Passages: James 1-5
Big Idea: Faith without works is dead faith.
Seven lessons exploring the book of James.
The letter of James was most likely written by James, Jesus’ younger brother. In Acts 15 and 21 we learn that James is the leader of the Jerusalem church.
James opens his letter by looking at the purpose of suffering in the life of every believer. Trials test the genuineness of our faith - our dependence on God. Trials are never wasted on the Christian, instead they mature our faith, as we learn to persevere through them, deepening our dependence on God. We are therefore to receive trials with the attitude of joy because of what trials produce in us, if only we let them do their work.
In chapter one James instructs us to let God’s Word do it’s work - changing us to be who we really are. ‘Listening’ in James is hearing but we are not changed by it. James command is to not merely listen to the Word, do what it says.
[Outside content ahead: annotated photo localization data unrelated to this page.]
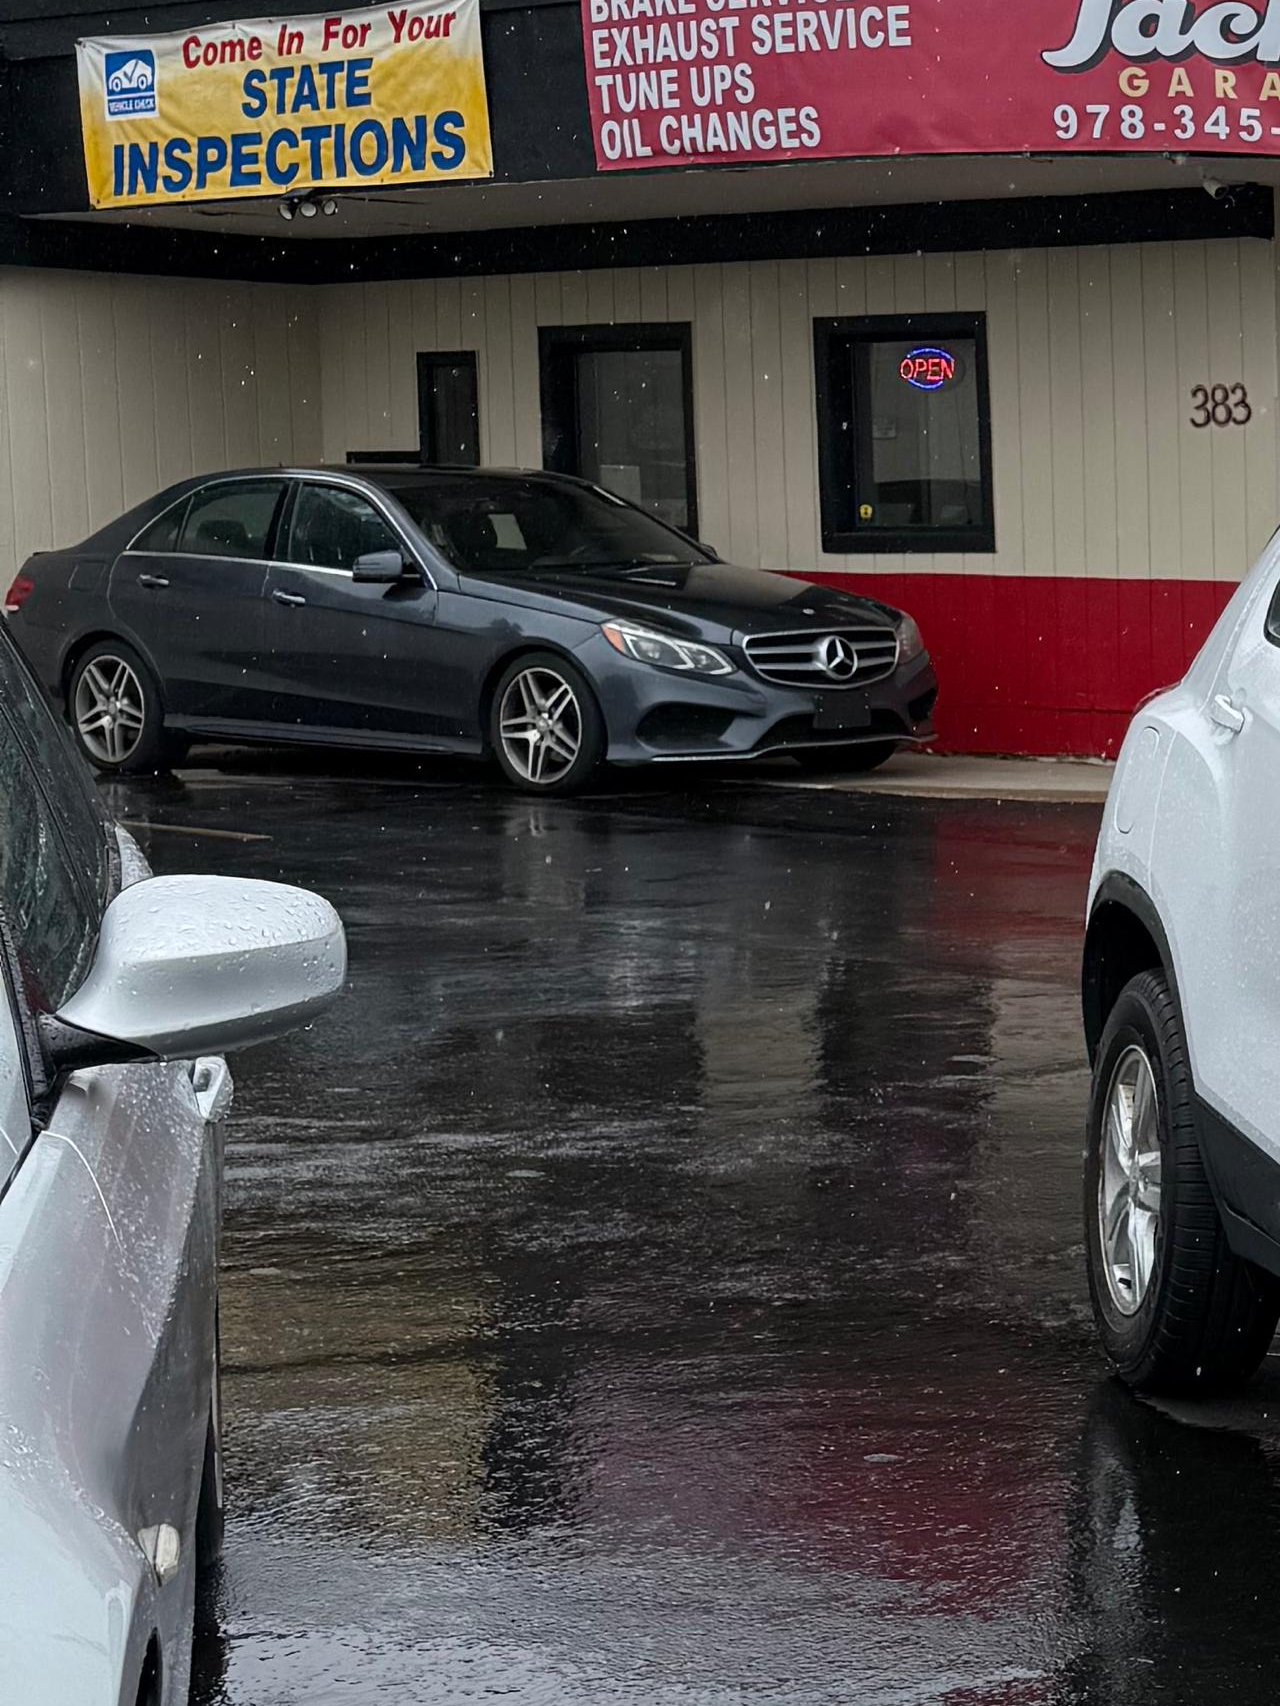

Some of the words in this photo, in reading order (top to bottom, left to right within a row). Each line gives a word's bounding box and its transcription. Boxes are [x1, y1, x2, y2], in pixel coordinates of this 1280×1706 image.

[182, 35, 263, 69] Come
[276, 24, 304, 57] In
[321, 17, 372, 53] For
[387, 9, 457, 45] Your
[592, 16, 739, 69] EXHAUST
[751, 5, 912, 55] SERVICE
[241, 58, 374, 119] STATE
[595, 68, 680, 114] TUNE
[690, 62, 755, 107] UPS
[112, 111, 467, 197] INSPECTIONS
[600, 118, 653, 160] OIL
[660, 106, 821, 155] CHANGES
[900, 358, 955, 380] OPEN
[1190, 382, 1251, 428] 383
James explores matters of the heart. Our natural desire to be with those who are like us or who can improve life for us. Favouritism has no place amongst the people of God. Also, from our hearts come our words. Words that can be used for the building up of others and the praise of God, or the crushing of others and the blaspheming of God’s name.
James is uncompromising when he says that faith without works is dead. We have been saved to do good works, prepared for us by God. Faith and works are like two sides of a coin. They are inseparable. Our works do not save us, our faith does. But faith that is living faith always produces good works.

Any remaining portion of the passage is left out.